NPR

The Avett Brothers: Matters Of Life And Death

The Avett Brothers are real-life siblings Scott (left) and Seth Avett (right), and bass player Bob Crawford. The band's newest album is The Carpenter. (Courtesy of the artist)

In 2009, The Avett Brothers became one of the surprise hits of the year. Paste Magazine considered their I and Love and You the best album of that year, calling it "an overpowering acoustic album brimming with sadness and soul."

That sadness took on new meaning recently. Bassist Bob Crawford took a temporary leave from the band to tend to his infant daughter, Hallie, after she developed a brain tumor.

Next month, The Avett Brothers release a new album, The Carpenter, which explores the delicate balance between life and death.

NPR's Laura Sullivan spoke with the band about the difficult period since their last album, starting out by asking Crawford about his daughter.

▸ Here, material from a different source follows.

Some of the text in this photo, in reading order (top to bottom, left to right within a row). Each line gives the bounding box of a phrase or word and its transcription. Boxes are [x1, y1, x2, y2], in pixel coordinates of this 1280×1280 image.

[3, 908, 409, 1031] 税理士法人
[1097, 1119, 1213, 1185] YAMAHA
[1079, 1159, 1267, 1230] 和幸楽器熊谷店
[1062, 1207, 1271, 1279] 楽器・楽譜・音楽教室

Bob Crawford: She presented on Aug. 28 of 2011. And by "presenting," we mean my wife found her in her bed having a seizure. She's still under treatment; she'll be under treatment until November of this year. She's on oral chemo, she's being treated through Saint Jude's Children Hospital in Memphis, Tenn. She's doing really well. I mean, it's astroblastoma glioma, which is a terrible, terrible thing. But she's ... a miracle.

Sullivan: How old is she?

Crawford: She's 2 and a half.

Sullivan: Are you touring with the band while this is going on, or are you mostly with your family?

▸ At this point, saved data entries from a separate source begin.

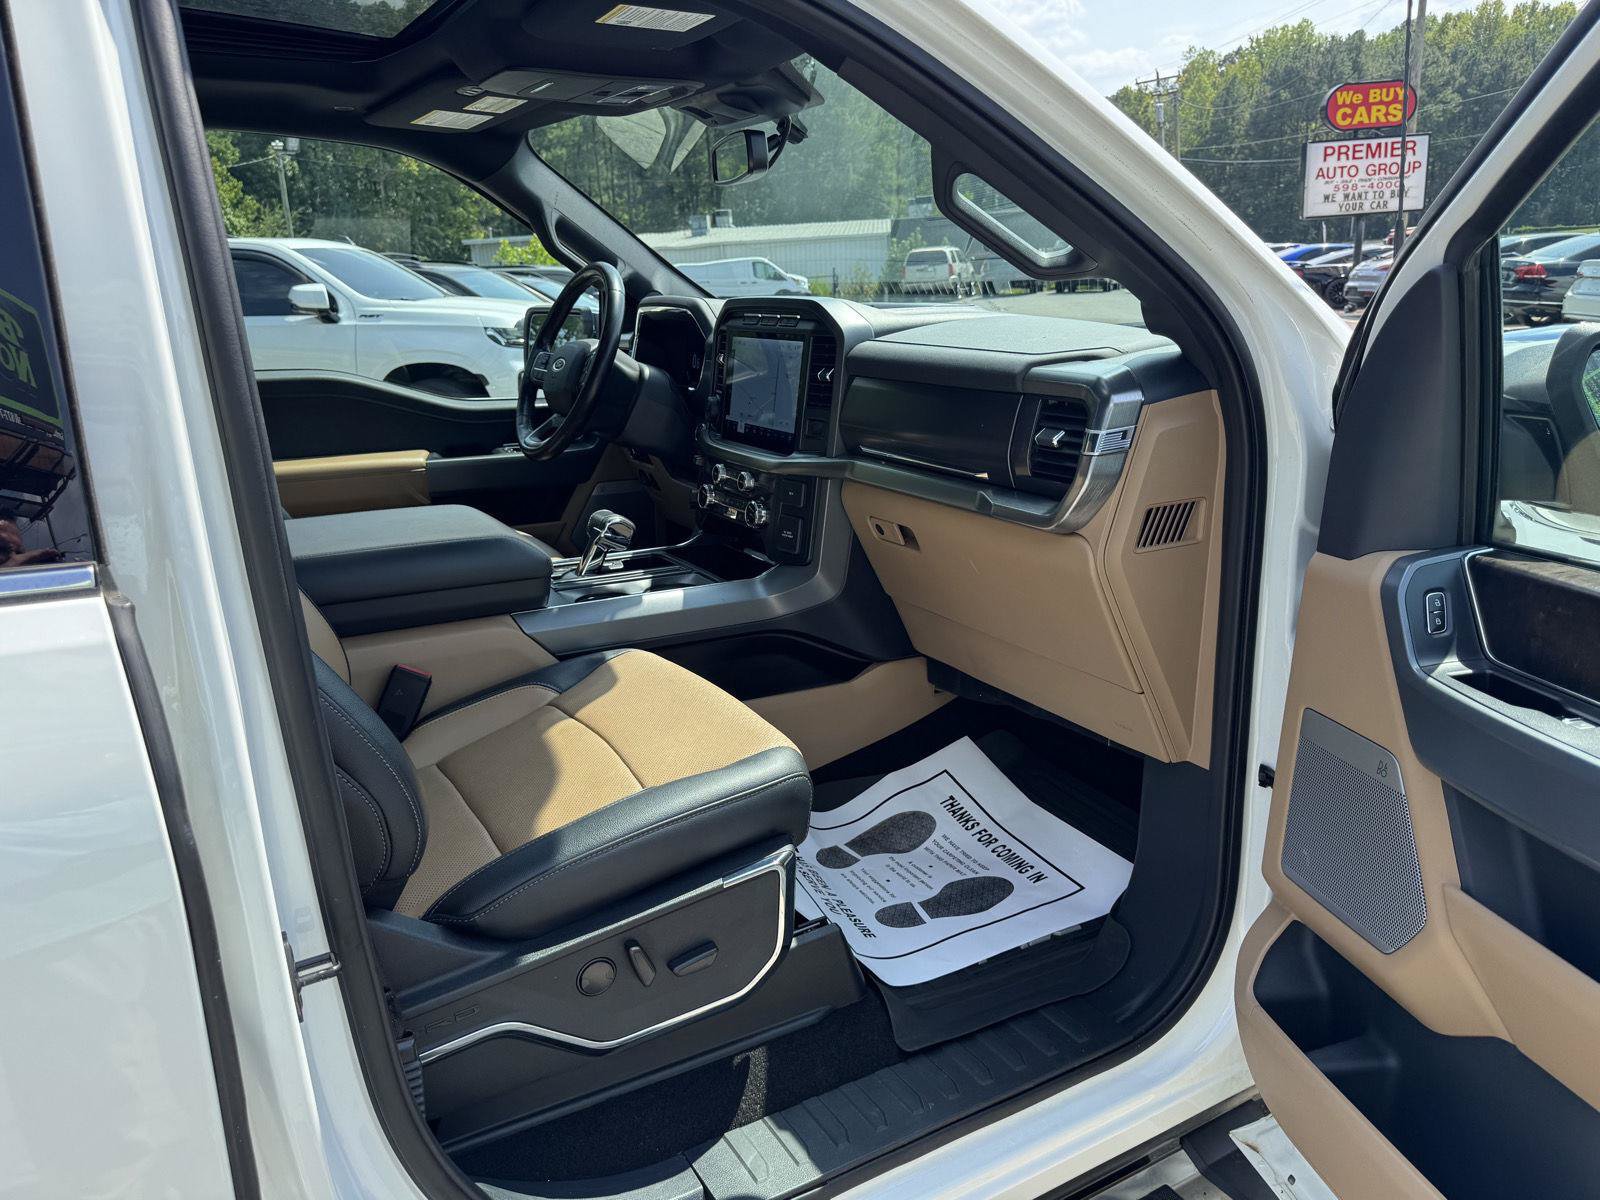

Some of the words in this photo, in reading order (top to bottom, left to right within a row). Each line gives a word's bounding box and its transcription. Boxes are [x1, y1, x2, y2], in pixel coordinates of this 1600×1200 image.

[1336, 91, 1362, 105] We
[1369, 87, 1404, 102] BUY
[1336, 104, 1402, 125] CARS
[1323, 140, 1417, 162] PREMIER
[1315, 165, 1359, 180] AUTO
[1366, 161, 1422, 176] GROUP
[1323, 193, 1337, 203] WE
[1343, 191, 1369, 201] WANT
[1372, 190, 1385, 200] TO
[1338, 203, 1364, 212] YOUR
[1369, 200, 1388, 210] CAR
[939, 794, 980, 831] THANKS
[971, 828, 998, 848] FOR
[991, 844, 1034, 875] COMING
[1026, 871, 1048, 884] IN
[821, 898, 842, 915] YOU
[831, 898, 877, 938] PLEASURE

Crawford: This is actually my first trip in a year. But I've gone out and done shows. You know, when things were going well, I would break off and play two or three shows at a time, as best I could. But I think what's important to understand with this is there's a lot of kids that are going through this, and there's a lot of families that go through this. What they face every day is unimaginable. I think you always need to have hope on these things.

In the music, you need the theme of death to celebrate life. And what you see at St. Jude, people are daily celebrating life while they're fighting off death.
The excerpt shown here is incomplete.